DATA EXTRACTS
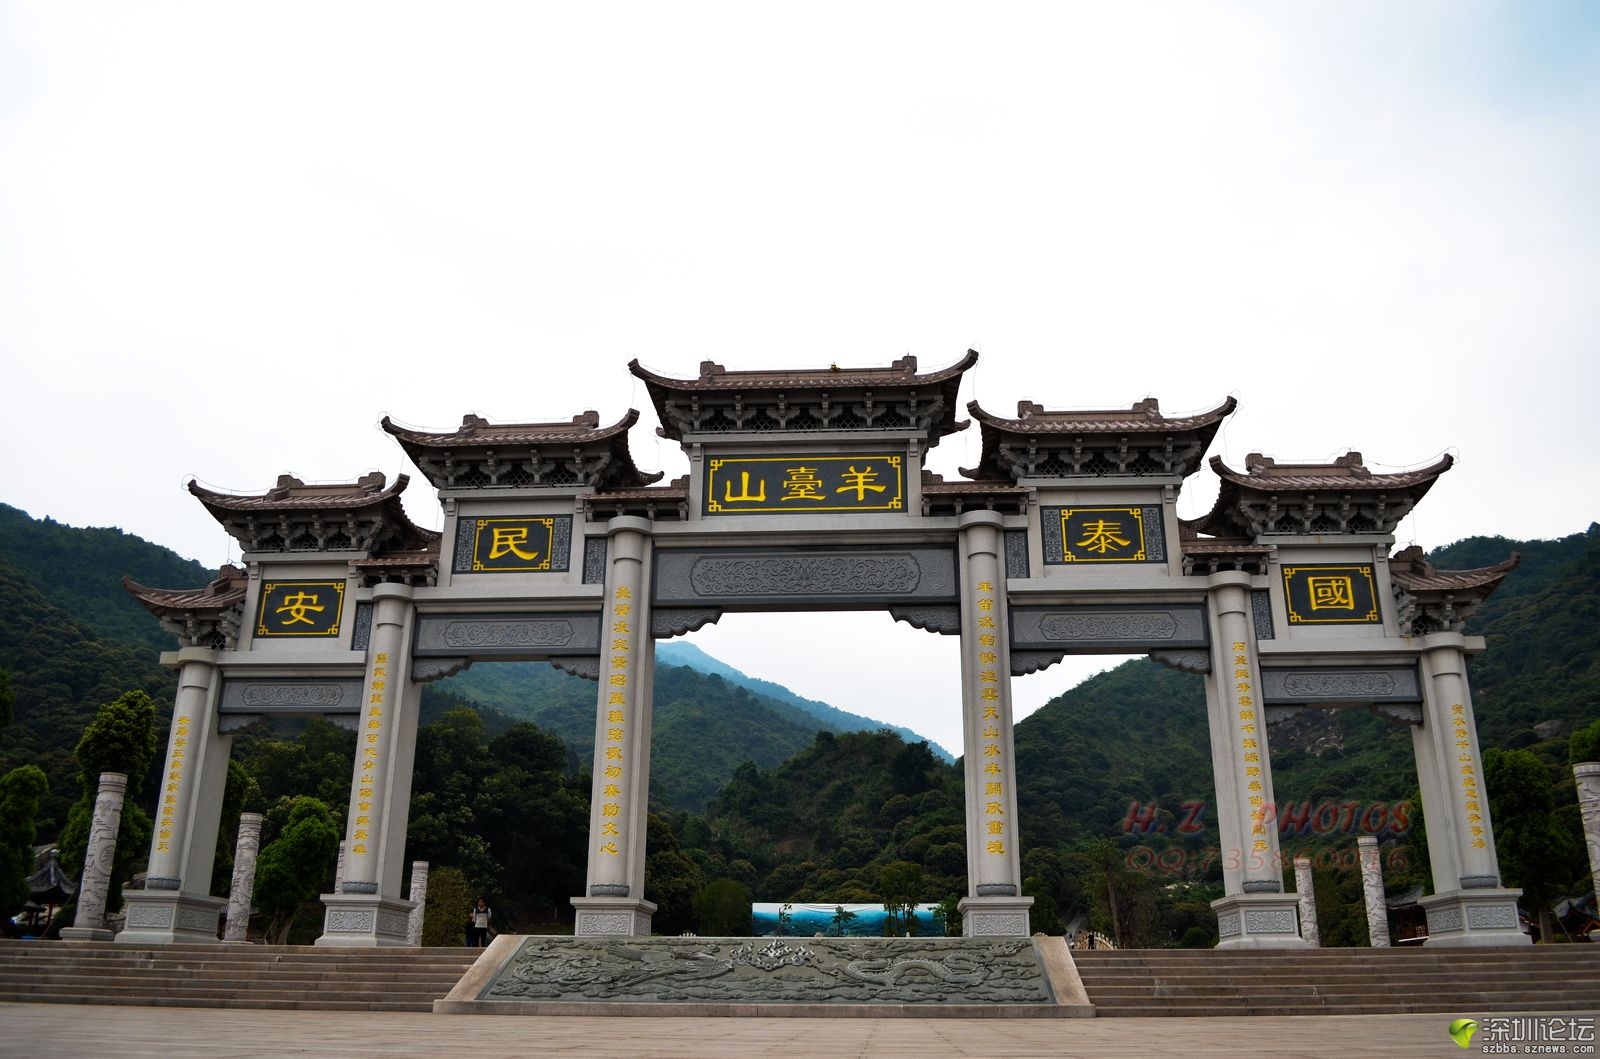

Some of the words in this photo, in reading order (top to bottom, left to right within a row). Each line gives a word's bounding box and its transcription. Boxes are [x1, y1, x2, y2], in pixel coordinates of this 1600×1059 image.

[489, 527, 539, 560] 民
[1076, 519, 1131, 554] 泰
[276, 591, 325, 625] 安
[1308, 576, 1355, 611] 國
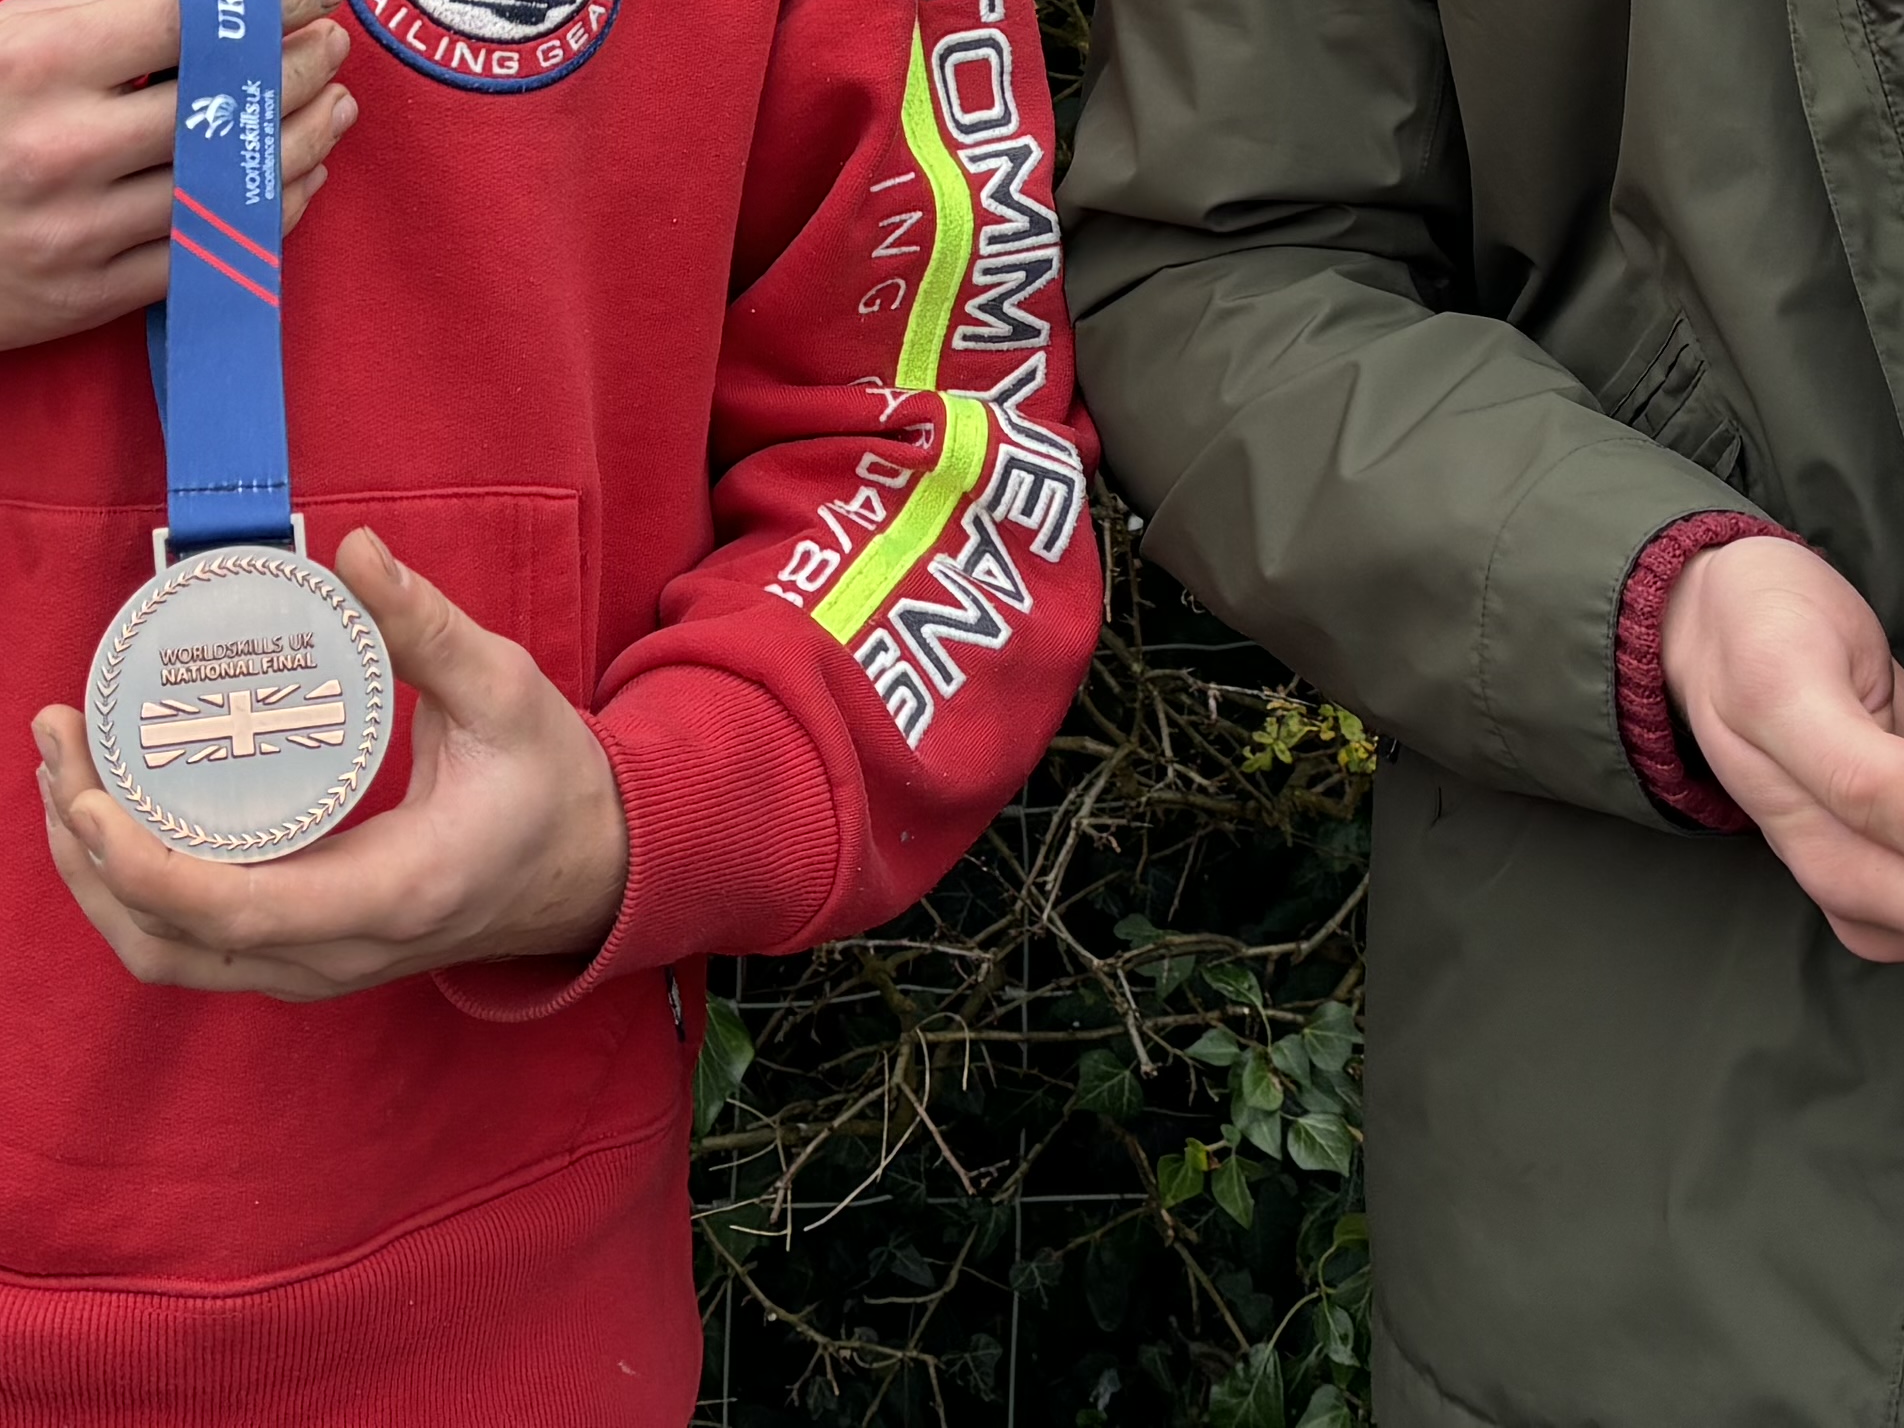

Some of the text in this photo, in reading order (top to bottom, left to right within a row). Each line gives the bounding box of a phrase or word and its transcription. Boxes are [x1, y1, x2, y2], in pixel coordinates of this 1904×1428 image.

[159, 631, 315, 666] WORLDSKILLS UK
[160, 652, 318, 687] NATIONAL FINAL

PROBLEM DETAILS
Output all of the data exactly. Skip the pictures.

RESULT FOR THIS TASK
Some of the words in this photo, in reading order (top to bottom, left to right within a row). Each line gives a word's bounding box and its transcription. Boxes are [x1, y1, x2, y2], in pixel coordinates of this 1600×1059 image.

[489, 527, 539, 560] 民
[1076, 519, 1131, 554] 泰
[276, 591, 325, 625] 安
[1308, 576, 1355, 611] 國

Some of the text in this photo, in reading order (top to bottom, left to right within a row). Each line gives the bounding box of a phrase or word and its transcription. Boxes are [x1, y1, x2, y2], in pixel coordinates of this 1904×1428 image.

[159, 631, 315, 666] WORLDSKILLS UK
[160, 652, 318, 687] NATIONAL FINAL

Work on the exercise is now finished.